Offenes Interview: Königin Camilla spricht über Charles' Krebsdiagnose
Königin Camilla (79) hat erstmals darüber gesprochen, wie sie die Zeit unmittelbar nach der Krebsdiagnose von König Charles III. (77) erlebt hat. Anlass ist ein siebenminütiger Film, den der Buckingham-Palast gemeinsam mit der Krebshilfeorganisation Maggie's produziert hat. Er ist seit Mittwoch auf YouTube abrufbar und entstand zum 30-jährigen Bestehen der Einrichtung.

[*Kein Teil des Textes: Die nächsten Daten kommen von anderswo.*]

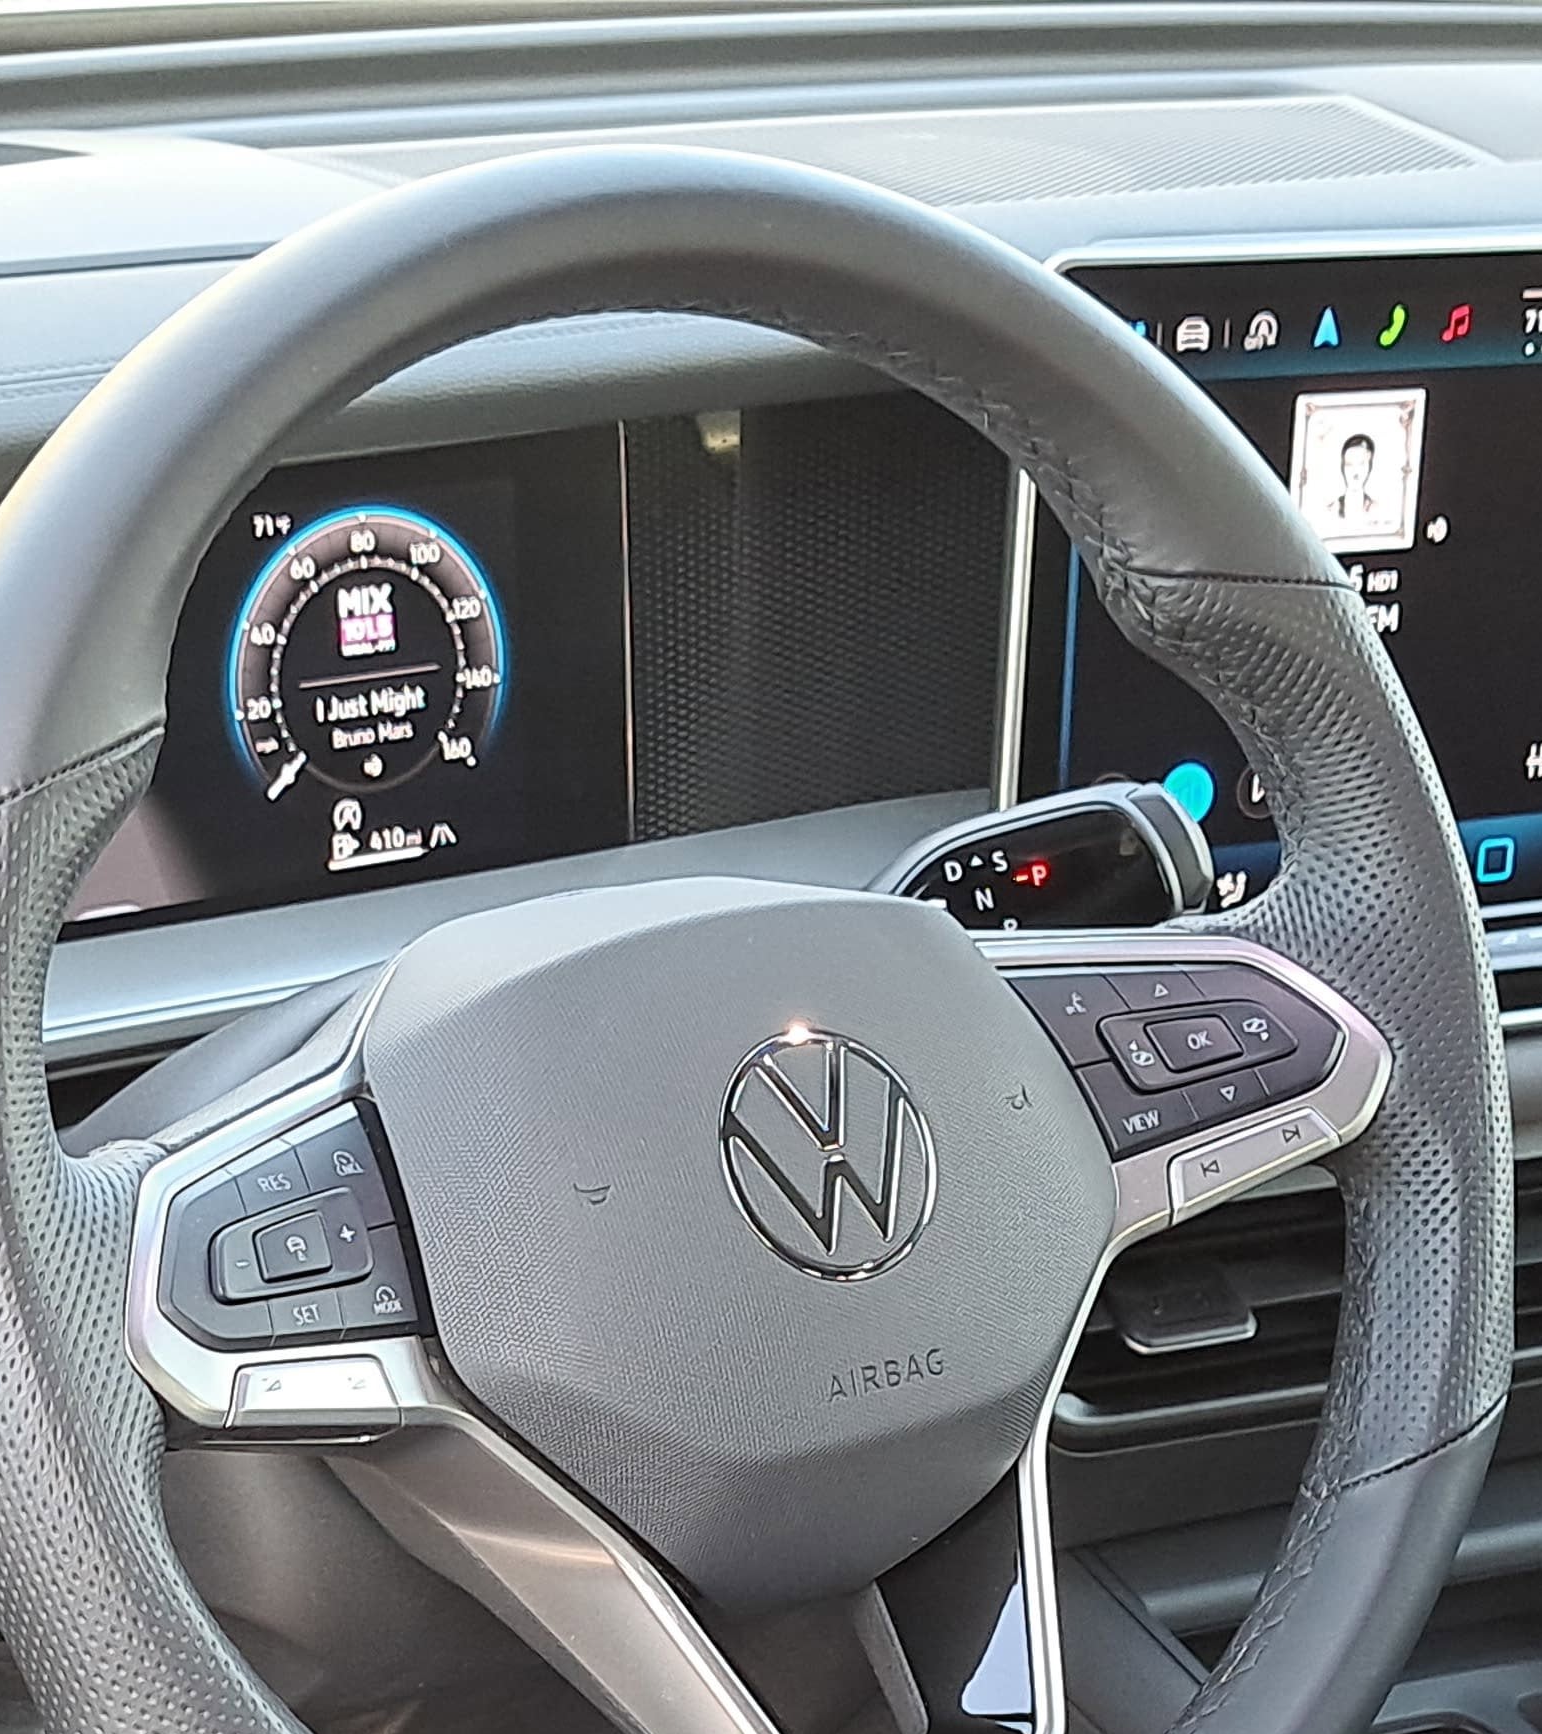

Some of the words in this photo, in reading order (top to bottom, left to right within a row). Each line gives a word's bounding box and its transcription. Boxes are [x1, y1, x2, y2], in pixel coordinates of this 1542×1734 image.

[350, 531, 375, 553] 80
[410, 542, 441, 565] 100
[290, 555, 316, 580] 60
[338, 583, 394, 618] MIX
[452, 595, 482, 619] 120
[250, 623, 276, 645] 40
[464, 664, 492, 690] 140
[247, 696, 272, 720] 20
[327, 693, 369, 722] Just
[370, 683, 427, 717] Might
[332, 727, 375, 750] Bruno
[377, 719, 414, 744] Mars
[943, 859, 962, 883] D
[991, 849, 1008, 873] S
[1032, 864, 1048, 885] P
[974, 887, 995, 911] N
[1187, 1030, 1214, 1051] OK
[1121, 1109, 1160, 1136] VIEW
[256, 1173, 292, 1193] RES
[292, 1303, 321, 1325] SET
[828, 1347, 947, 1402] AIRBAG

Im Gespräch mit Maggie's-Geschäftsführerin Dame Laura Lee erinnert sich die Königin an einen Termin, der ihr besonders nahegegangen ist. Ende Januar 2024 eröffnete sie das neue Zentrum am Royal Free Hospital in London. Die Diagnose ihres Mannes war da bereits gestellt, öffentlich bekannt wurde sie erst am 5. Februar.
"Ich sehnte mich danach, es herauszulassen"
"Ich erinnere mich, dass ich zu Maggie's kam, kurz nachdem beim König die Diagnose gestellt worden war. Niemand konnte damals etwas sagen. Das war ziemlich schwierig", sagt Camilla in dem Film. "Ich hätte beinahe etwas gesagt, aber ich hatte das Gefühl, es war nicht der richtige Zeitpunkt."
Als Laura Lee darauf zu sprechen kommt, wie viel Mut dieser Besuch gekostet haben müsse, antwortet die Königin: "Ich sehnte mich danach, es herauszulassen, aber natürlich konnte ich das nicht."
Aus der Schirmherrin wurde eine Angehörige
Die Begegnungen mit Betroffenen nahm sie an jenem Tag anders wahr als sonst. "Ich war fast dabei, sie auszufragen. Ich wollte nicht zu tief bohren", schildert Camilla. "Normalerweise habe ich einfach mit ihnen geredet, aber ich weiß nicht, es fühlte sich viel tiefer an."
Sie beschreibt auch, wie sich ihre eigene Rolle veränderte: "Es hatte sich zu Hause nie wirklich bemerkbar gemacht, und plötzlich wird bei Ihrem Mann die Diagnose gestellt, und Sie denken: 'Meine Güte, ich habe mit all diesen Leuten gesprochen, und jetzt bin ich diejenige, die meinen armen Mann pflegen und versuchen muss, das alles zu verstehen.'"
Der König machte einfach weiter
Über den Umgang ihres Mannes mit der Erkrankung sagt Camilla: "Seht euch meinen Mann an. Nichts hat ihn aufgehalten. Er sagte nur: 'Das ist mein Weg. Ich werde damit klarkommen.'" Bereits im April 2024, keine drei Monate nach Behandlungsbeginn, nahm Charles öffentliche Termine wieder auf. Ende vergangenen Jahres teilte er mit, dass seine Behandlung reduziert werde. Sie soll weiterhin gut anschlagen.
Dass der König offen über seine Erkrankung spricht, hat messbare Folgen. Bei Maggie's stieg die Zahl männlicher Besucher nach Angaben von Laura Lee um zwölf Prozent. Viele kämen, "weil der König so offen über seine Diagnose spricht und trotzdem ein produktives Leben führt".
Camilla wirbt für Angebote für Angehörige
Camilla ist seit 2008 Präsidentin der Organisation, die 27 Zentren auf dem Gelände britischer NHS-Kliniken betreibt. In dem Film wirbt sie besonders für die Angebote für Angehörige und für Männer, die sich mit dem Schritt schwertun. Jedes Krankenhaus, so ihr Wunsch, solle ein solches Zentrum bekommen.
Dame Laura würdigte die Offenheit der Königin, die eine "völlig verständliche und natürliche Reaktion" als Ehefrau gezeigt habe. Genau das mache deutlich, warum auch Familie und Freunde Unterstützung brauchen.